Mammals -- which, you’ll remember, had been around since the Triassic -- evolved into the major lineages alive today: placental mammals like us, marsupials like the opossum, and monotremes like the platypus. The Cretaceous also meant even more dinosaurs! Like the frilled ceratopsians, the duck-billed hadrosaurs... and, of course, Tyrannosaurus rex. I don’t know about you, but I think T. rex is pretty cool. I’m also very glad predators that size aren’t around today to snack on us.

Why aren’t they around any more? Like the Paleozoic, the Mesozoic ended in a mass extinction. But there were a few differences between the two die-outs. For one thing, the extinction at the end of the Mesozoic wasn’t as bad. Only about 50% of Earth’s species went extinct, which is a lot, but not nearly as many as during the extinction at the end of the Paleozoic, when almost all life died out.

And while we don’t know exactly what caused the earlier Paleozoic extinction, we have a major clue about the event at the end of the Mesozoic. It’s a crater in the Yucatan region of Mexico. Most scientists agree that a meteor impact at this site must have been what wiped out all of the dinosaurs except for birds. There might have been other factors at play, but the meteor didn’t help.

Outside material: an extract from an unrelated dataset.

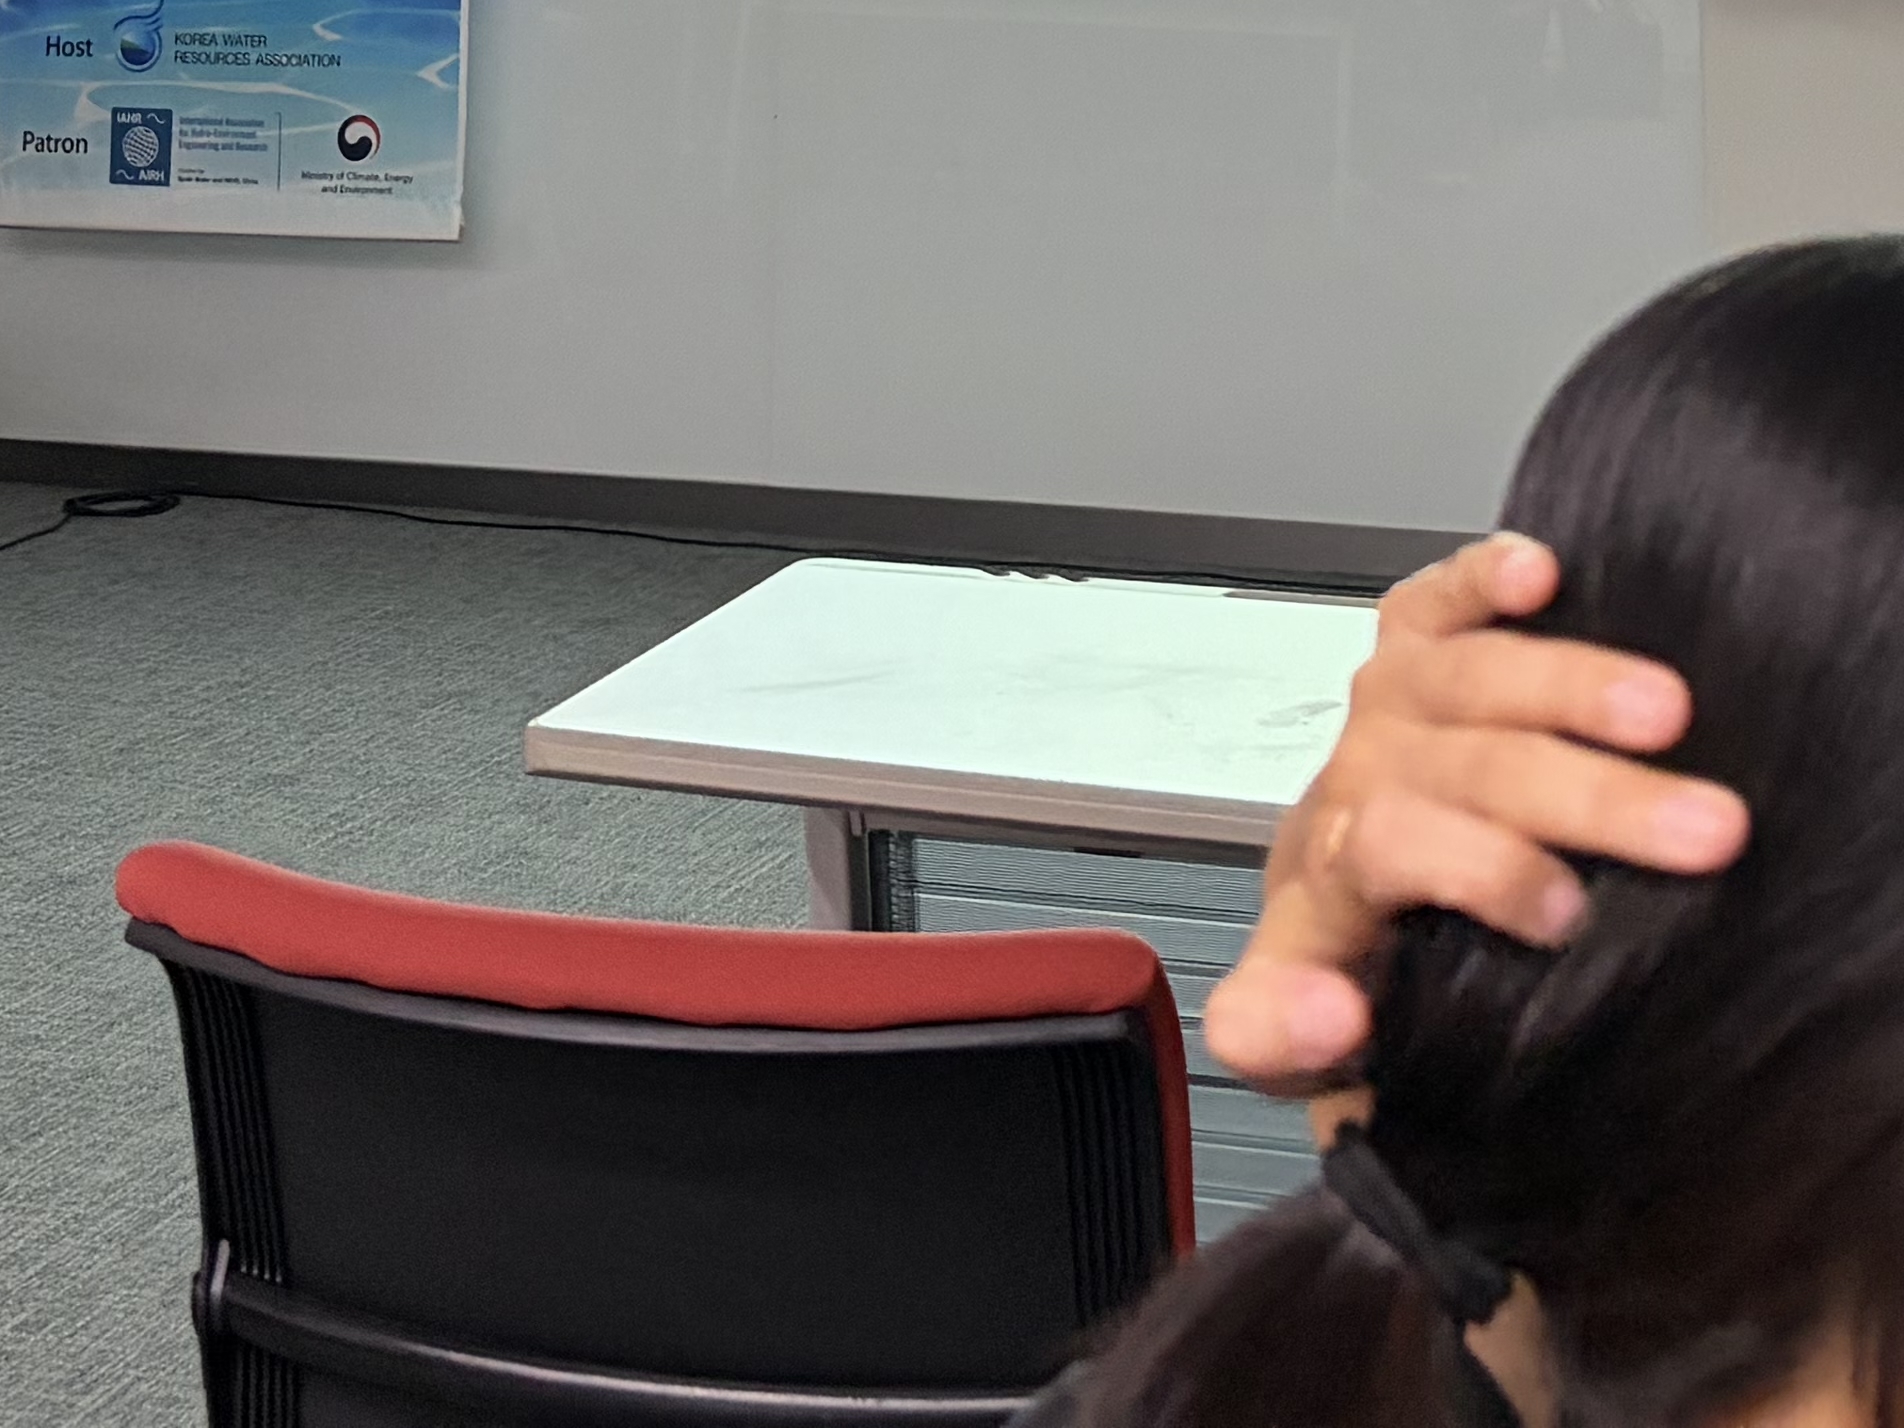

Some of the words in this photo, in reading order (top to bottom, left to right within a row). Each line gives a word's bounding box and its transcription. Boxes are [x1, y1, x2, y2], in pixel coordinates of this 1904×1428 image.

So most of the diversity dinosaurs had to offer is gone for good. Sure, birds are cool, but they only represent one lineage of dinosaurs. Those big four-footed plant eaters and the walking around armored vehicles? They’re not around anymore. But once they were gone, mammals had a chance to take over -- which is what happened during the Cenozoic, the era that we are still in, which we will talk about next time.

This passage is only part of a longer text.